■ **Goal of the exercise**:
Your answer must be an exact copy of the entries below, with no pictures in it.

### Extracted records ###

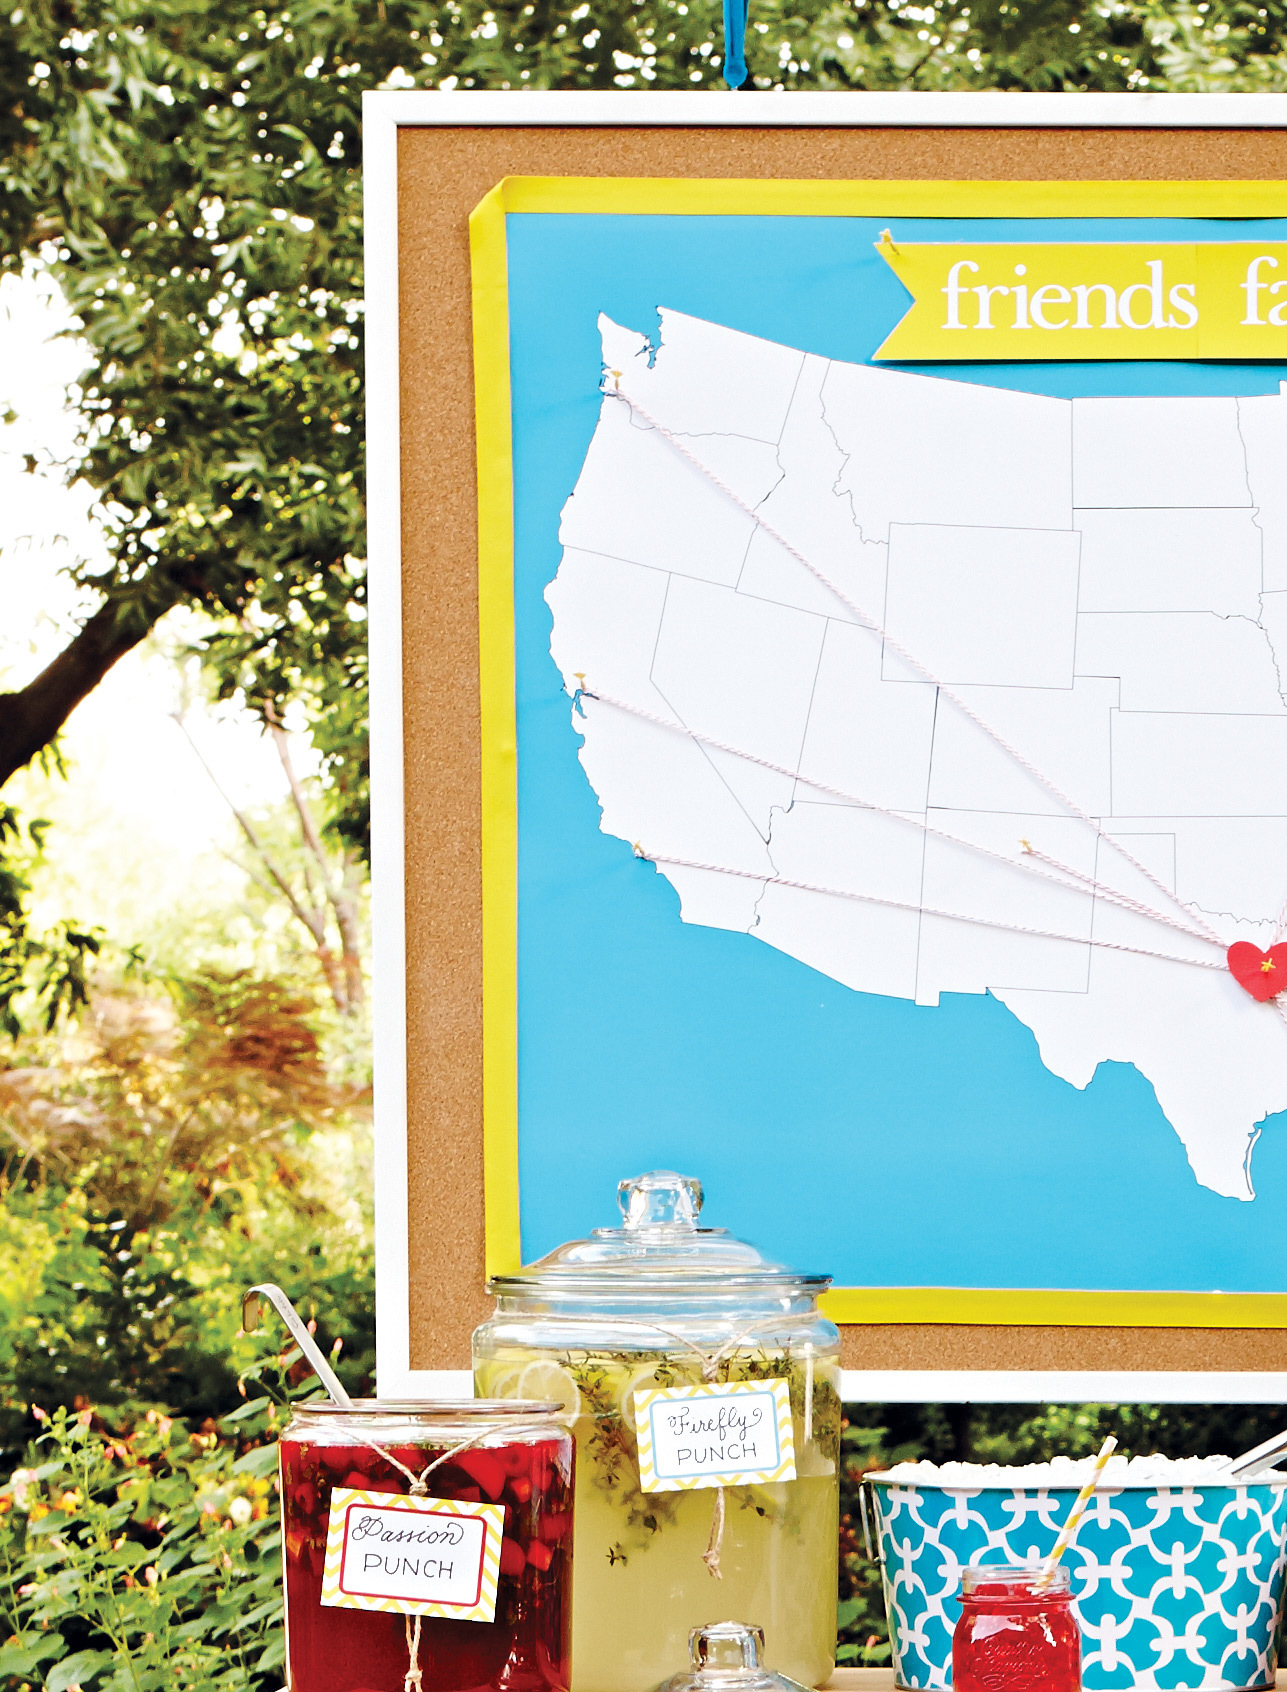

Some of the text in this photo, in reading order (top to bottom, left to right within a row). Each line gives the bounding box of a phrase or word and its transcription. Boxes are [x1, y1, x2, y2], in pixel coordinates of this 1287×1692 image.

[940, 259, 1198, 331] friends
[667, 1406, 763, 1441] Firefly
[677, 1442, 757, 1466] PUNCH
[351, 1515, 465, 1546] Passion
[363, 1553, 455, 1580] PUNCH
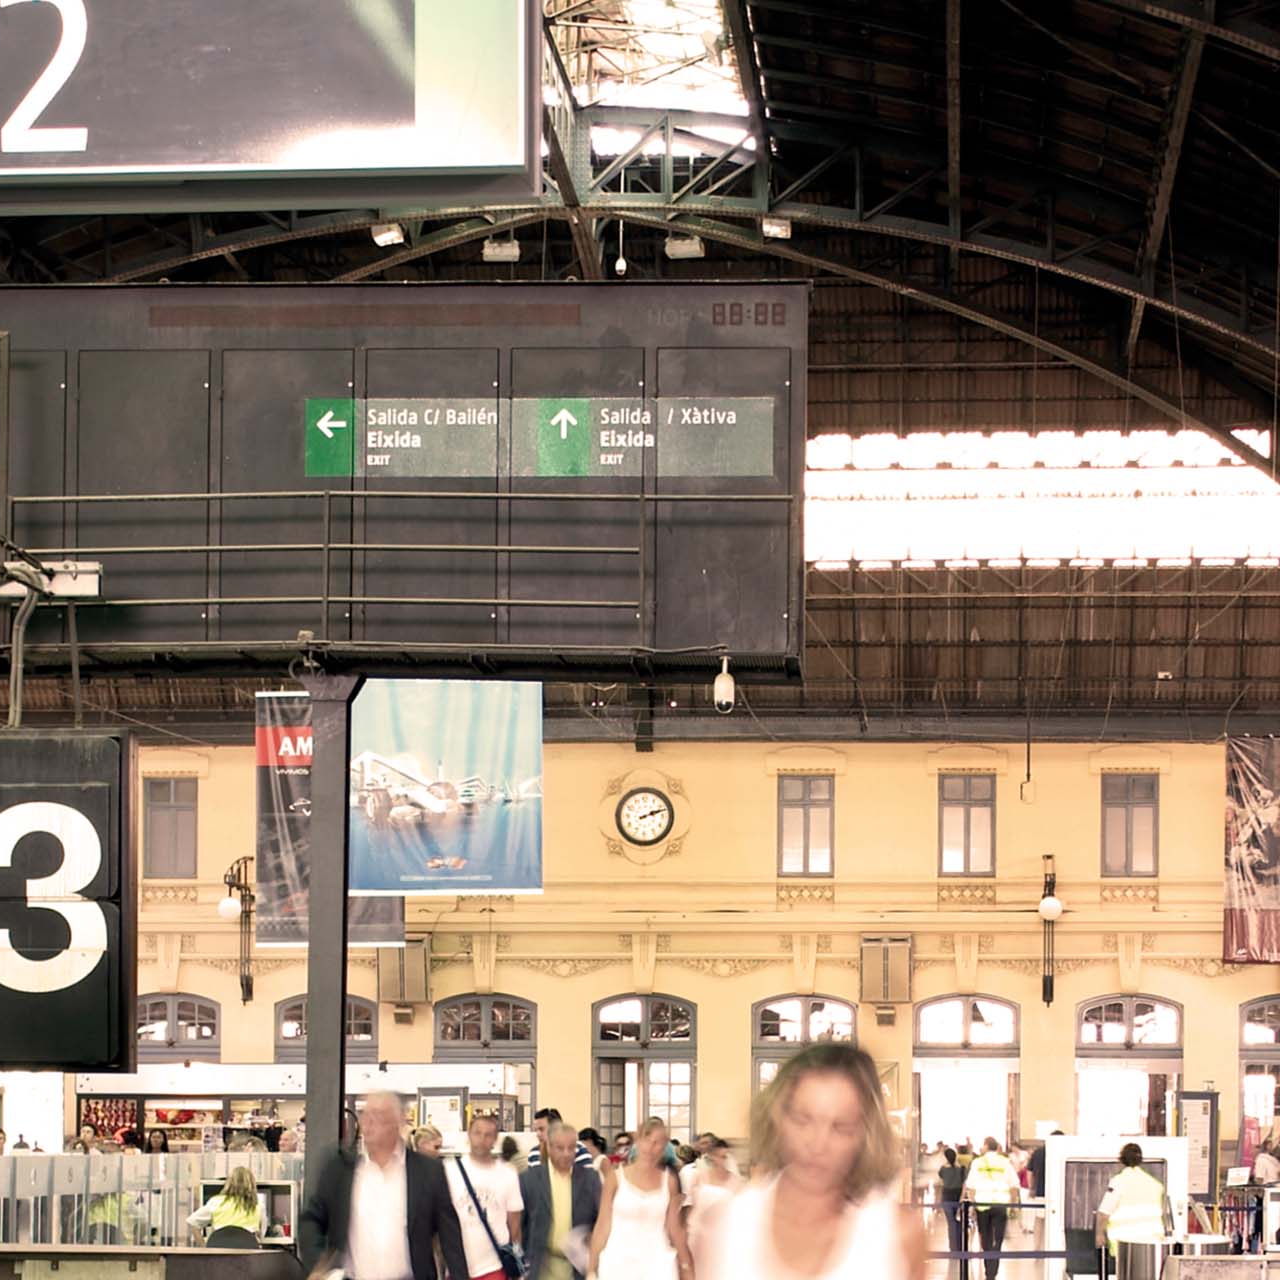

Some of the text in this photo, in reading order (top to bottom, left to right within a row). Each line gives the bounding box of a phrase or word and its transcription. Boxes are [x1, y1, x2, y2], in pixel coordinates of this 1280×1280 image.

[0, 0, 89, 153] 2
[367, 408, 497, 425] Salida C/ Bailén
[600, 408, 651, 425] Salida
[680, 407, 737, 425] Xàtiva
[367, 430, 422, 448] Eixida
[600, 430, 655, 447] Eixida
[367, 454, 391, 465] EXIT
[600, 453, 624, 465] EXIT

###

■ **Answer to this problem**:
Some of the text in this photo, in reading order (top to bottom, left to right within a row). Each line gives the bounding box of a phrase or word and its transcription. Boxes are [x1, y1, x2, y2], in pixel coordinates of this 1287×1692 image.

[940, 259, 1198, 331] friends
[667, 1406, 763, 1441] Firefly
[677, 1442, 757, 1466] PUNCH
[351, 1515, 465, 1546] Passion
[363, 1553, 455, 1580] PUNCH

Some of the text in this photo, in reading order (top to bottom, left to right within a row). Each line gives the bounding box of a phrase or word and its transcription. Boxes are [x1, y1, x2, y2], in pixel coordinates of this 1280×1280 image.

[0, 0, 89, 153] 2
[367, 408, 497, 425] Salida C/ Bailén
[600, 408, 651, 425] Salida
[680, 407, 737, 425] Xàtiva
[367, 430, 422, 448] Eixida
[600, 430, 655, 447] Eixida
[367, 454, 391, 465] EXIT
[600, 453, 624, 465] EXIT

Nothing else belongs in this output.